The MS subgroup showed a statistically significant difference in daily dosing at the 6-month mark — mean 227 ± 203 mcg for MS versus 127 ± 67 mcg for the non-MS cohort (P = 0.020) — though this difference was not sustained at later time points.
The clearest difference between cortical and spinal groups was in the need for adjunct therapy to the upper extremities after pump placement. Thirty-three percent of all subjects needed adjunct spasticity treatment (botulinum toxin or phenol injections); of these, 74% had cortical spasticity and only 26% had spinal spasticity (P = 0.005). This reflects the anatomical reality that ITB, delivered into the intrathecal space, has less reach to the upper extremities — and cortical spasticity often involves significant upper limb involvement requiring focal treatment beyond what the pump can address.
The overall complication rate was 16% over three years, or 0.012 per month — slightly lower than the published literature average. Complications included 2 catheter migrations, 6 fractured catheters, and 1 pump infection with meningitis requiring catheter removal and replacement. Complication rates did not differ significantly between the cortical and spinal groups.
Why it matters
PLS involves cortical-origin spasticity — the upper motor neurons degenerate beginning in the motor cortex, not the spinal cord. When ITB was first developed and validated, the target population was people with spinal cord injuries. Understanding how well ITB translates to cortical-origin conditions like PLS requires exactly the kind of comparative data this study provides.
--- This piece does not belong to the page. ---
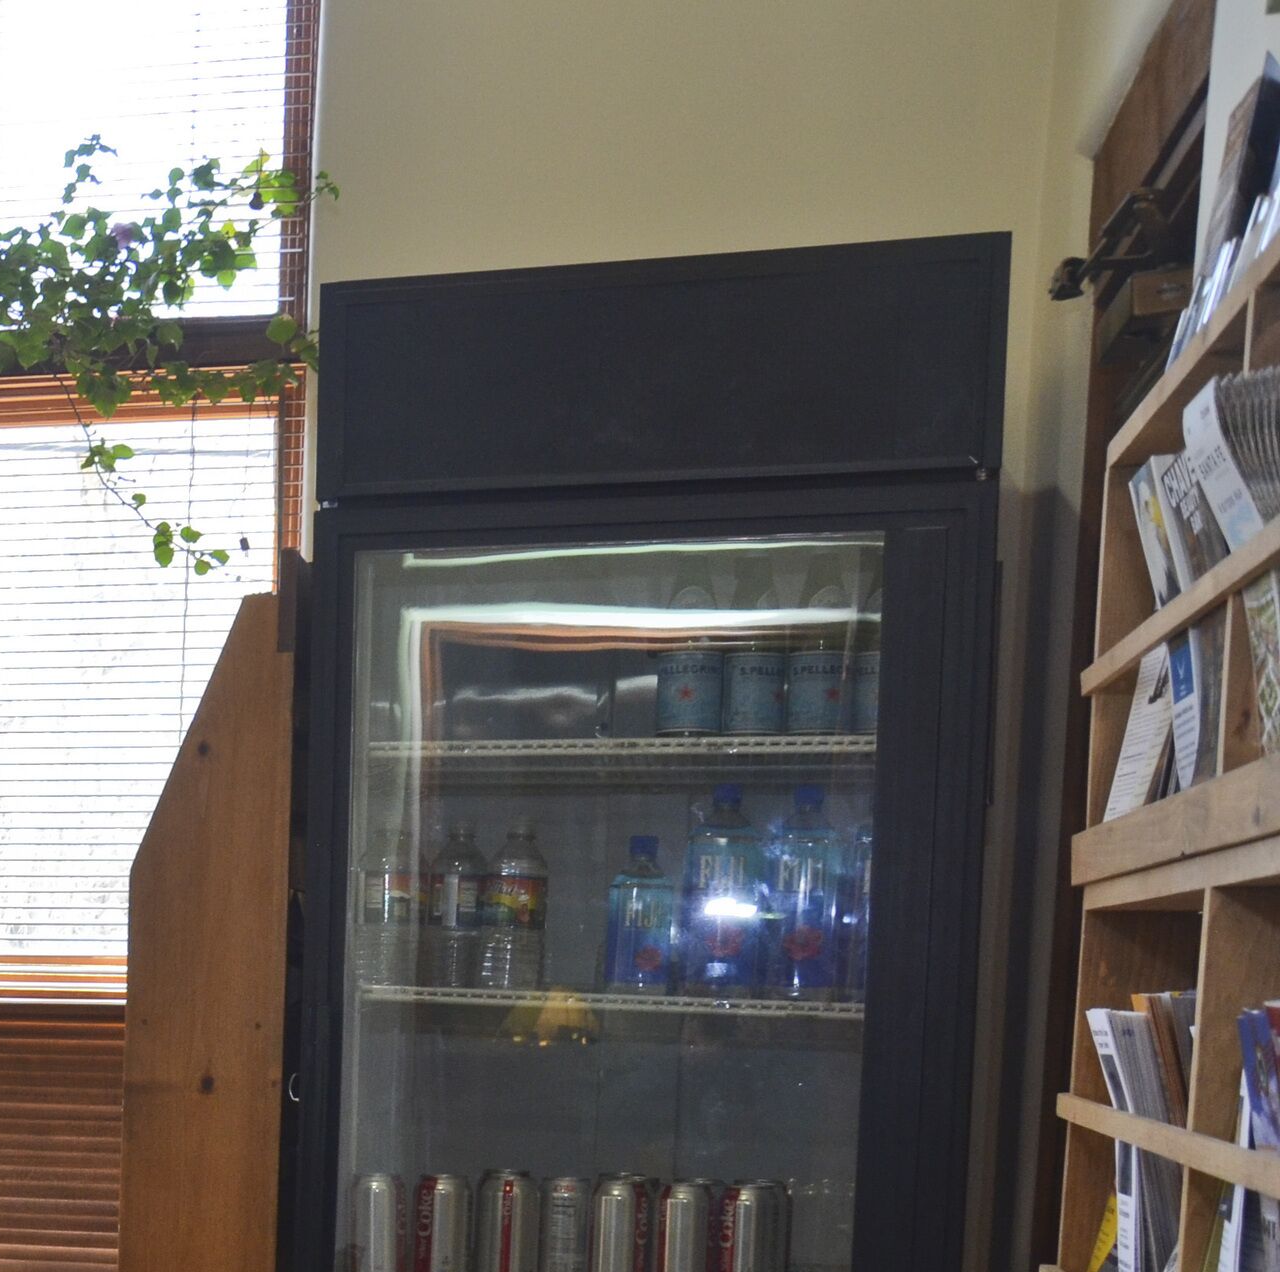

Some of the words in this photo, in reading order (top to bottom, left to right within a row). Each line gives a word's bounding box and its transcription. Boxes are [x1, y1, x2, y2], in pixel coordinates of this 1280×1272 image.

[416, 1188, 433, 1238] Coke
[635, 1197, 649, 1246] Coke
[719, 1199, 736, 1249] Coke
The key takeaway for PLS is twofold. First, cortical and spinal spasticity appear to parallel each other in terms of how ITB is managed — dosing, frequency of adjustments, and delivery mode are similar between groups. This supports using the broader ITB evidence base to inform decision-making in PLS, rather than requiring PLS-specific trials before proceeding.
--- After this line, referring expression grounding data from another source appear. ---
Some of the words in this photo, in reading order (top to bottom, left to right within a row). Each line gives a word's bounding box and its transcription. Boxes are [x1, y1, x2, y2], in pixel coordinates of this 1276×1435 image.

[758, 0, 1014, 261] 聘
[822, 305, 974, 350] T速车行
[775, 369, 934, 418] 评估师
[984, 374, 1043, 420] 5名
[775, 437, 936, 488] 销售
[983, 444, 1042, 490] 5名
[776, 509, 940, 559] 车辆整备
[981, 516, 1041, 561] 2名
Second, people with PLS who have significant hand or arm spasticity alongside their lower extremity symptoms may find that the ITB pump controls lower limb spasticity well but leaves upper limb spasticity less well addressed. The finding that 74% of adjunct therapy use after pump placement occurred in cortical spasticity patients is a practical signal: ITB plus focal botulinum toxin may be a better combination strategy than ITB alone for patients with significant upper extremity involvement.
Limitations and context
PLS patients were not enrolled in this study directly. The cortical spasticity group consisted of patients with cerebral palsy, traumatic brain injury, and stroke — all conditions involving cortical upper motor neuron dysfunction, but none identical to PLS pathophysiology. The extrapolation to PLS is scientifically reasonable but not proven.
The retrospective design, small sample sizes within subgroups, and attrition over three years all limit the strength of the conclusions. The authors are appropriately cautious: they describe their findings as hypothesis-generating rather than definitive, and they call for multicenter trials with larger samples to confirm the observations.
How this connects
This study sits at the intersection of two key questions for PLS patients: does ITB work for cortical-origin spasticity, and how does management differ from spinal spasticity? The answers — yes it works, and management is broadly similar with the exception of upper extremity adjunct needs — complement the PLS-specific findings in the ITB Utility in PLS short communication and the long-term efficacy data from the Spinal Cord 2004 study. Together, these three studies form the core evidence base for ITB in PLS. The practical implications are summarized on the Spasticity management page.
Citation
Chiodo AE. Intrathecal baclofen for spasticity management: a comparative analysis of spasticity of spinal vs cortical origin. Journal of Spinal Cord Medicine. 2010 Feb;33(1):16–21. doi:10.1080/10790268.2010.11689670. PMC2853324.